The Reserve Bank's looming restrictions on low-equity home lending will give governor Graeme Wheeler time to pause and reflect at next week's monetary policy review.

Wheeler will keep the official cash rate at 2.5 per cent when he releases the monetary policy statement on September 12, according to a Reuters poll of 15 economists. The key rate hasn't budged since March 2011 when it was cut in response to the earthquakes which levelled Christchurch, although economists are picking a hike to 2.75 per cent next March, rising to 3.25 per cent by September next year.

The central bank's biggest unknown is the impact its restrictions on high loan-to-value ratio mortgage lending will have on overheated house prices, particularly in Auckland, meaning the regulator will have to wait and see how much it stifles demand. At the same time, fixed mortgage rates have started to creep higher in anticipation of future rate hikes.

Wheeler announced the restrictions last month. They will come into effect from October, saying they would let him keep interest rates lower for longer.
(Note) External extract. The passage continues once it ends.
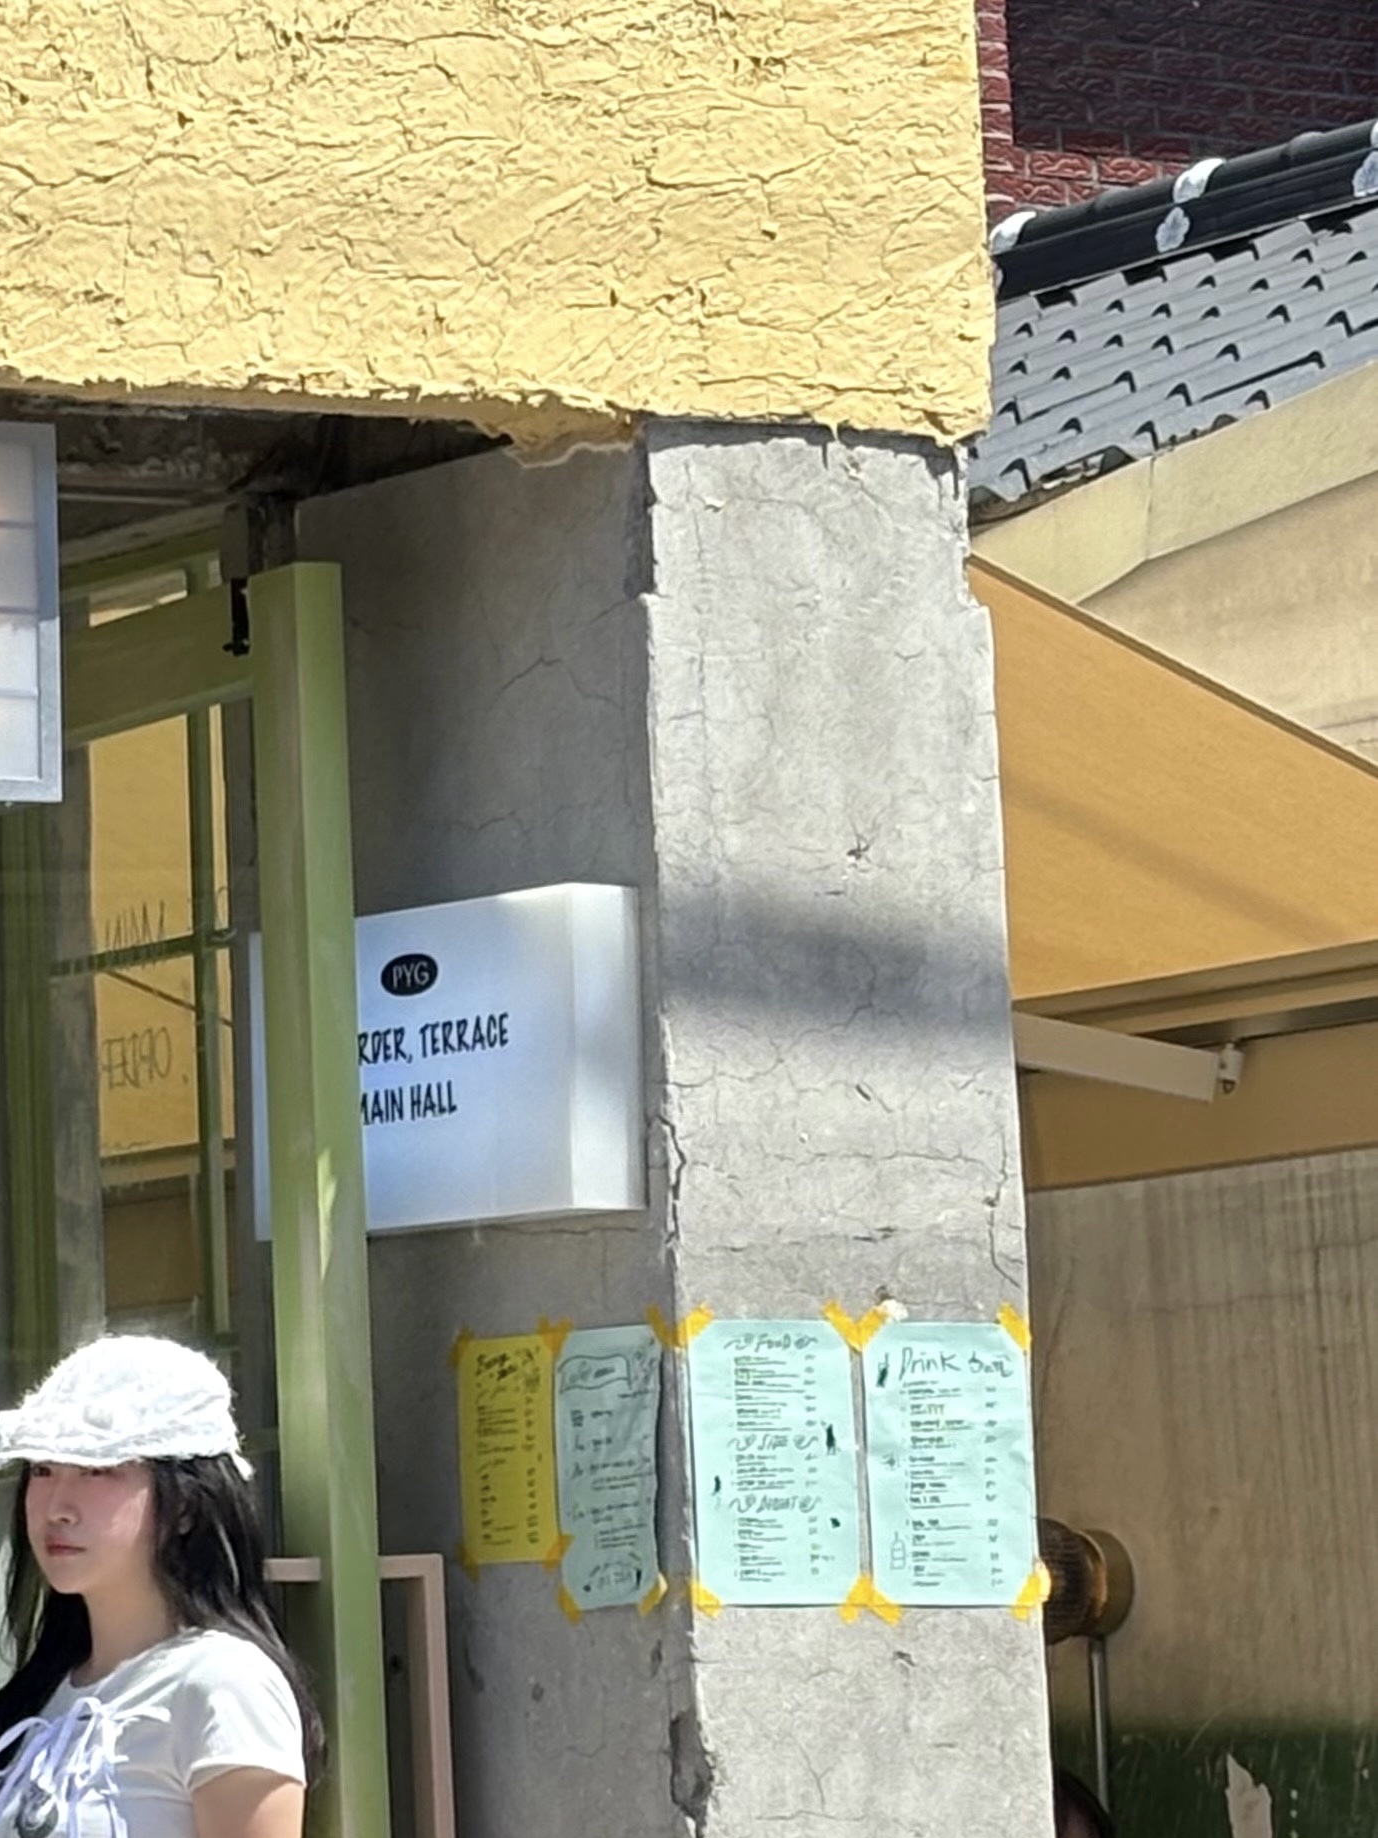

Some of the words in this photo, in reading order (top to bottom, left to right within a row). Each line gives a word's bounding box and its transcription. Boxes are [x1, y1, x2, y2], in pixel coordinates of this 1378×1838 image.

[391, 960, 430, 990] PYG
[419, 1011, 510, 1059] TERRACE
[410, 1080, 458, 1122] HALL
The reason the bank has been loath to hike rates in response to the emerging Auckland housing bubble is because it would fuel demand for an already over-valued exchange rate.
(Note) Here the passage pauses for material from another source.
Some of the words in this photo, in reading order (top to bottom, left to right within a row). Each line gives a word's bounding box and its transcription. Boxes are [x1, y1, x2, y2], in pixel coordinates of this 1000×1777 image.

"The impact of LVR restrictions on the housing market is highly uncertain, but with inflation currently below target and forecast to rise slowly, the Reserve Bank has time on its side and can afford to take a back seat while the LVR restrictions work through the system," Westpac Bank chief economist Dominick Stephens said in a note.
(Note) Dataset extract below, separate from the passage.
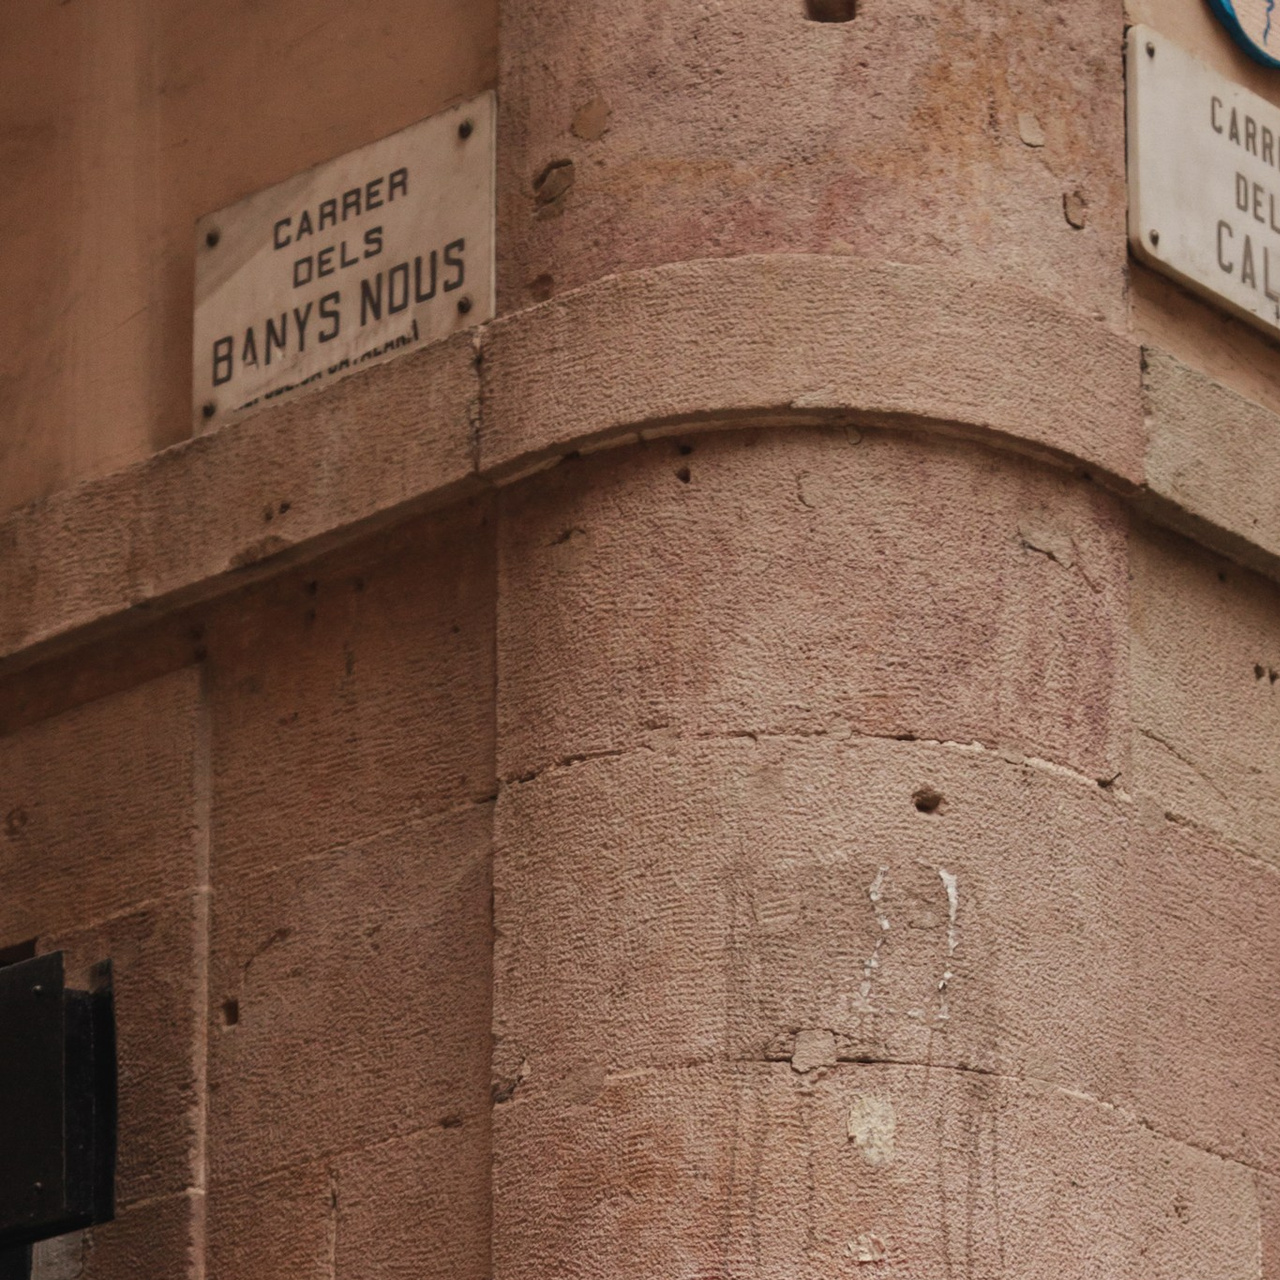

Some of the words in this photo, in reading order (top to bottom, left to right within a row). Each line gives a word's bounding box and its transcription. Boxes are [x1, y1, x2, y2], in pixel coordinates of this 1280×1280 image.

[273, 167, 408, 251] CARRER
[292, 225, 383, 289] DELS
[211, 290, 340, 387] BANYS
[360, 237, 466, 327] NOUS
A hot housing market has yet to appear in broader inflation, and consumer prices rose at an annual pace of 0.7 per cent in the June quarter, below the central bank's target band of between 1 per cent and 3 per cent. Inflation has been kept low by the strong currency providing cheaper imports and a slow recovery in the labour market, which hasn't fuelled strong wage increases.

Still, the $40 billion Canterbury reconstruction and rising Auckland house prices are seen as a threat to inflation if they fuel national wage hikes and increased consumer spending. Westpac economists warn these are typically associated with rising consumer prices.

"The June quarter consumer price index raised a red flag around construction-related inflation, which was up sharply across the whole of New Zealand rather than just Canterbury," Stephens said. "Clear evidence has emerged to show that households are indeed leveraging up and spending on the back of house price inflation."

In the Reserve Bank's September survey of expectations, firms increased their inflation predictions by about a third of a percentage point, seeing a one-year ahead CPI of 1.9 per cent, and two-year ahead expectations of 2.36 per cent.

In its June forecasts, the Reserve Bank expected the 90-day bank bill rate, often seen as a proxy for the OCR, to start rising in June next year, with a slightly steeper curve starting in 2015, before reaching 4.2 per cent in March 2016.